- _SOURCE MATERIAL_:
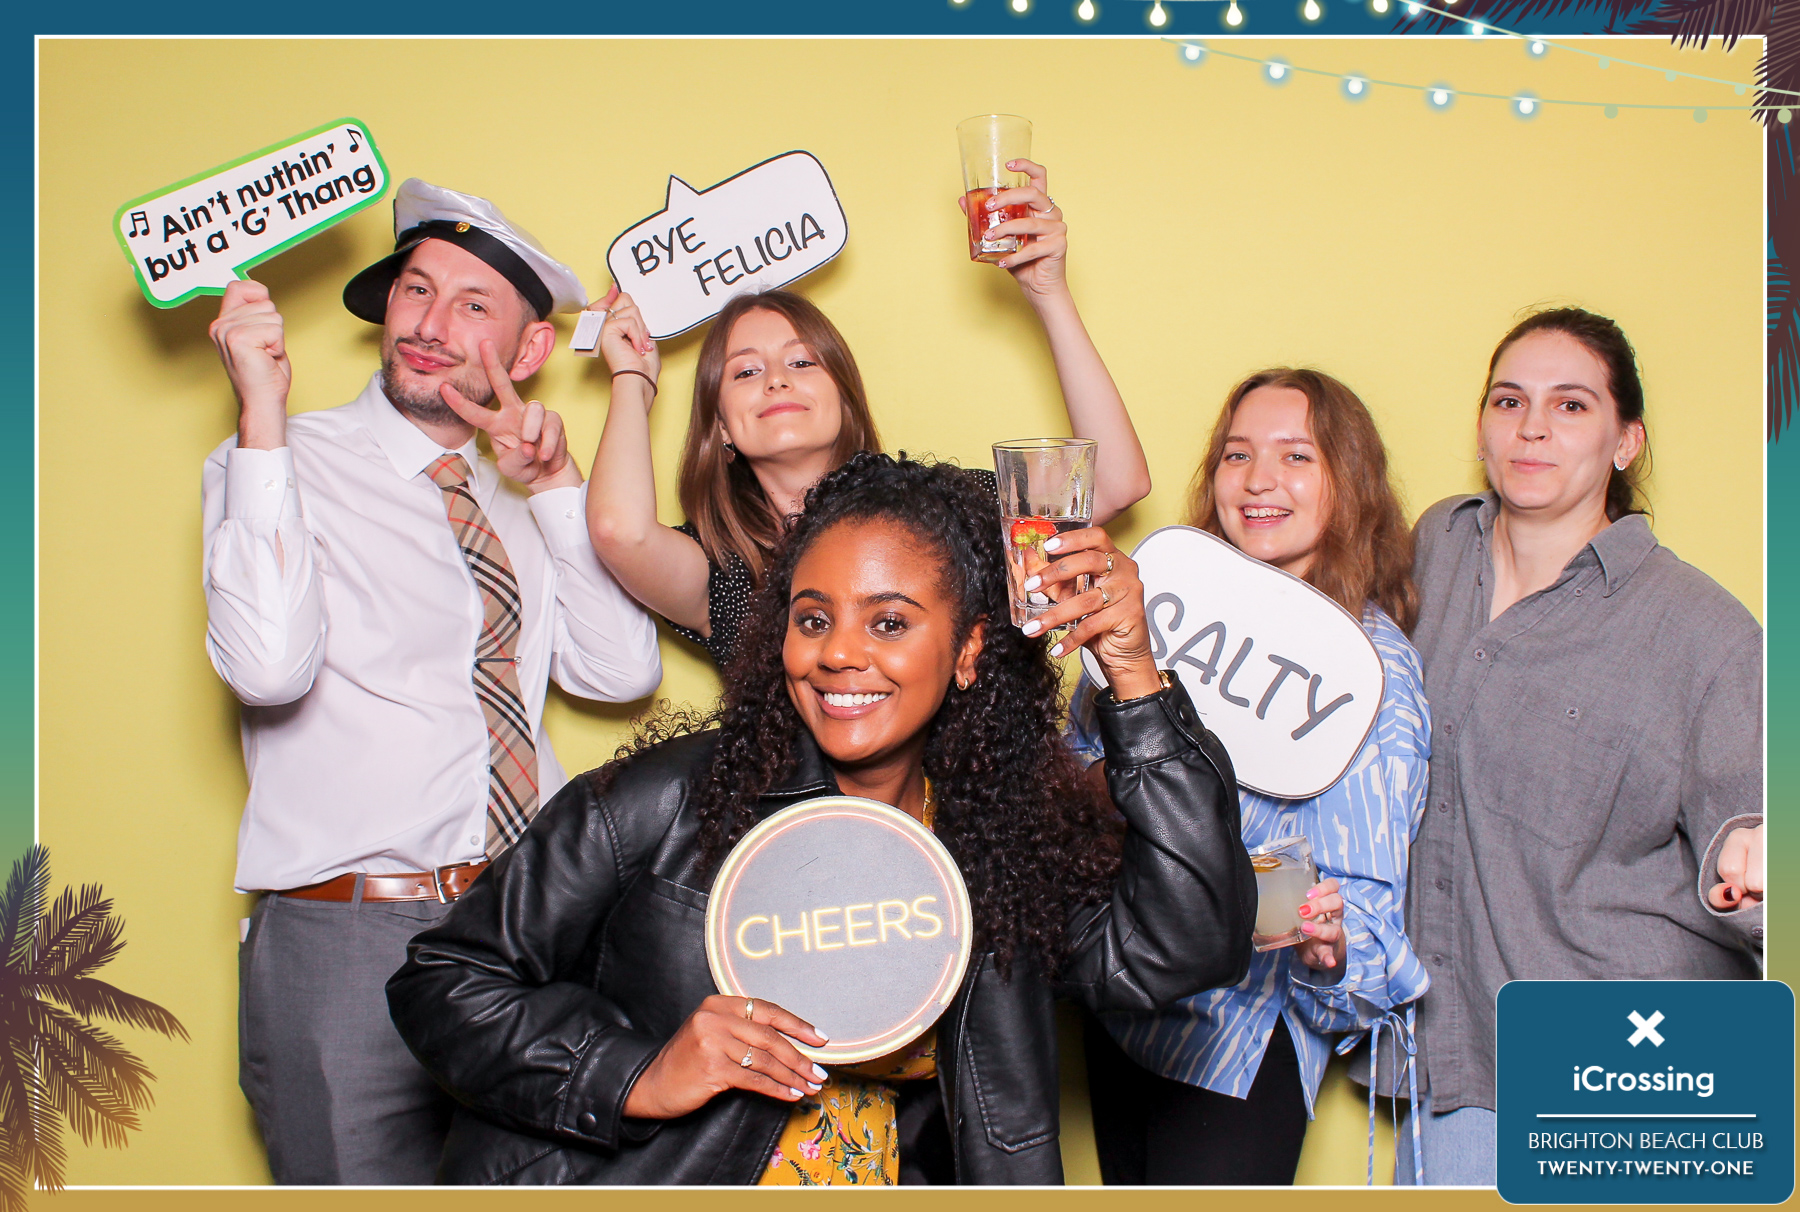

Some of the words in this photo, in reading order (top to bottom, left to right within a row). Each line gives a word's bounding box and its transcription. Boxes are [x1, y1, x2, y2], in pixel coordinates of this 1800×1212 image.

[144, 239, 200, 282] but
[206, 230, 230, 254] a
[231, 206, 270, 236] 'G'
[277, 164, 377, 220] Thang
[162, 190, 231, 243] Ain't
[236, 143, 335, 207] nuthin'
[631, 217, 706, 276] BYE
[693, 213, 826, 296] FELICIA
[1145, 592, 1354, 741] SALTY
[735, 894, 944, 959] CHEERS
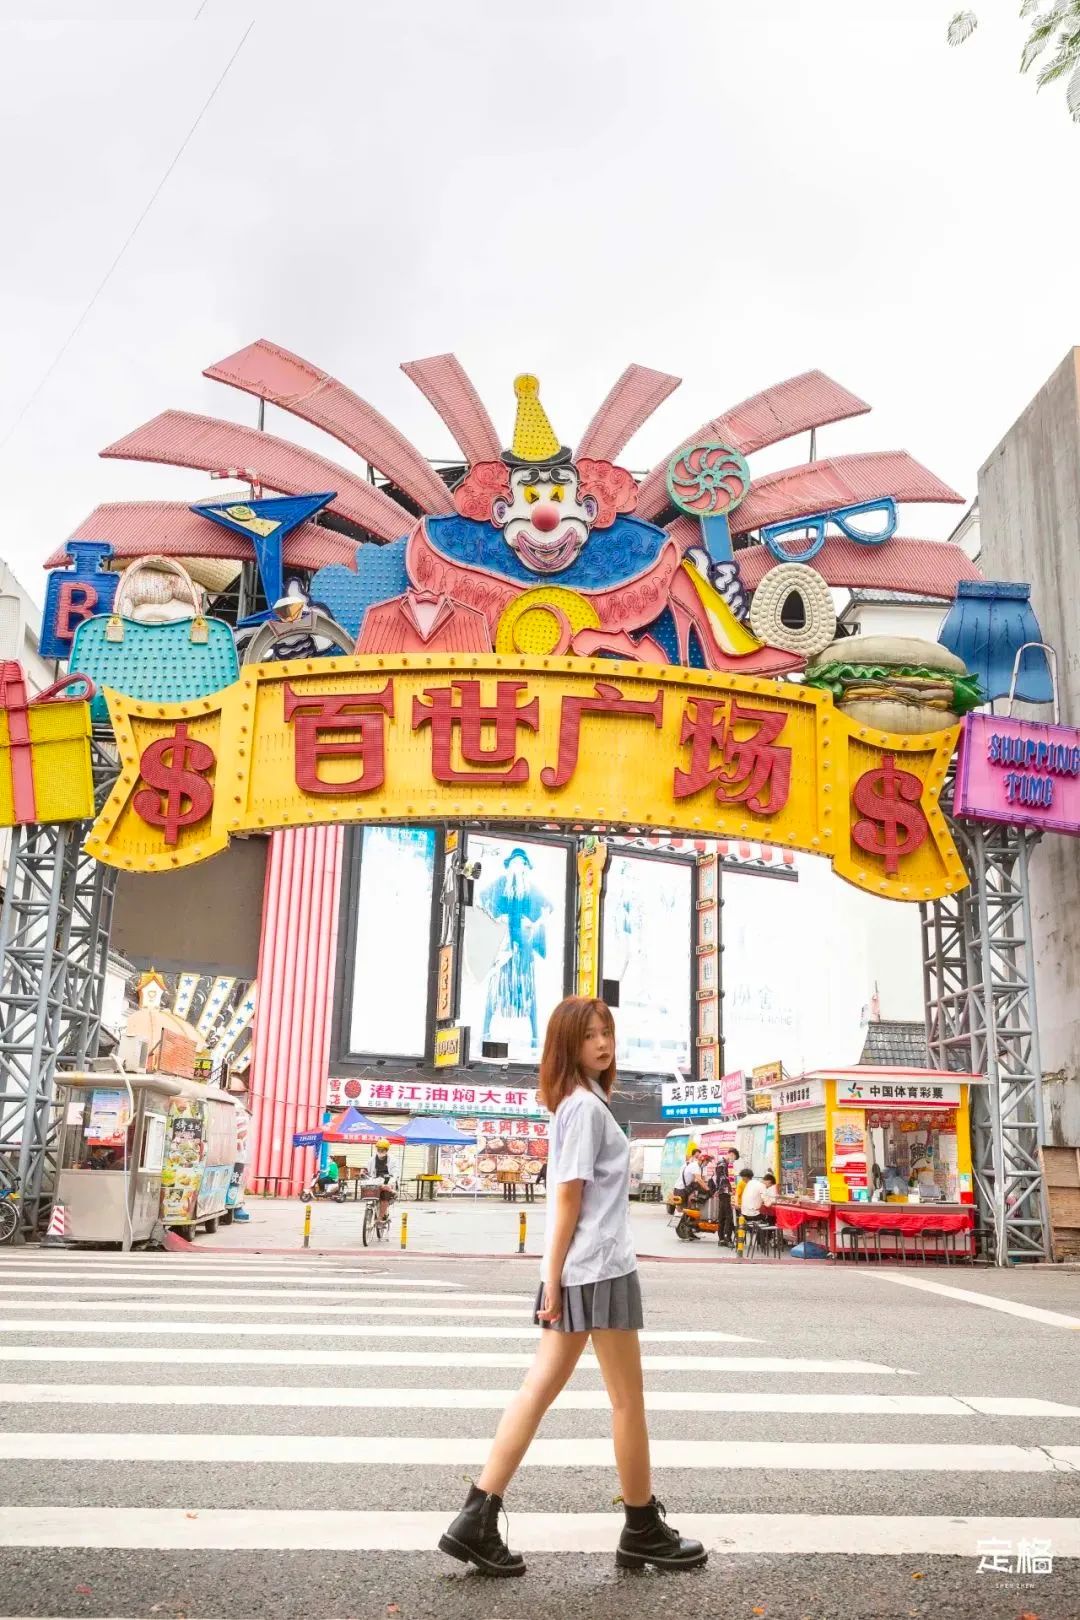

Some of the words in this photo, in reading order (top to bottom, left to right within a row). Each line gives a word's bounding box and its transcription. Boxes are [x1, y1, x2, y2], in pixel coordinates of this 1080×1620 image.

[56, 582, 100, 640] B
[283, 677, 794, 815] 百世广场
[988, 733, 1080, 776] SHOPPING
[1003, 771, 1054, 807] TIME
[369, 1083, 529, 1106] 潜江油焖大虾
[869, 1085, 944, 1099] 中国体育彩票

- _TASK DESCRIPTION_: Set down every record word for word and leave out the pictures.

- _REPLY TO THE TASK_:
Some of the words in this photo, in reading order (top to bottom, left to right within a row). Each line gives a word's bounding box and its transcription. Boxes are [x1, y1, x2, y2], in pixel coordinates of this 1800×1212 image.

[144, 239, 200, 282] but
[206, 230, 230, 254] a
[231, 206, 270, 236] 'G'
[277, 164, 377, 220] Thang
[162, 190, 231, 243] Ain't
[236, 143, 335, 207] nuthin'
[631, 217, 706, 276] BYE
[693, 213, 826, 296] FELICIA
[1145, 592, 1354, 741] SALTY
[735, 894, 944, 959] CHEERS

Some of the words in this photo, in reading order (top to bottom, left to right within a row). Each line gives a word's bounding box and its transcription. Boxes are [x1, y1, x2, y2], in pixel coordinates of this 1080×1620 image.

[56, 582, 100, 640] B
[283, 677, 794, 815] 百世广场
[988, 733, 1080, 776] SHOPPING
[1003, 771, 1054, 807] TIME
[369, 1083, 529, 1106] 潜江油焖大虾
[869, 1085, 944, 1099] 中国体育彩票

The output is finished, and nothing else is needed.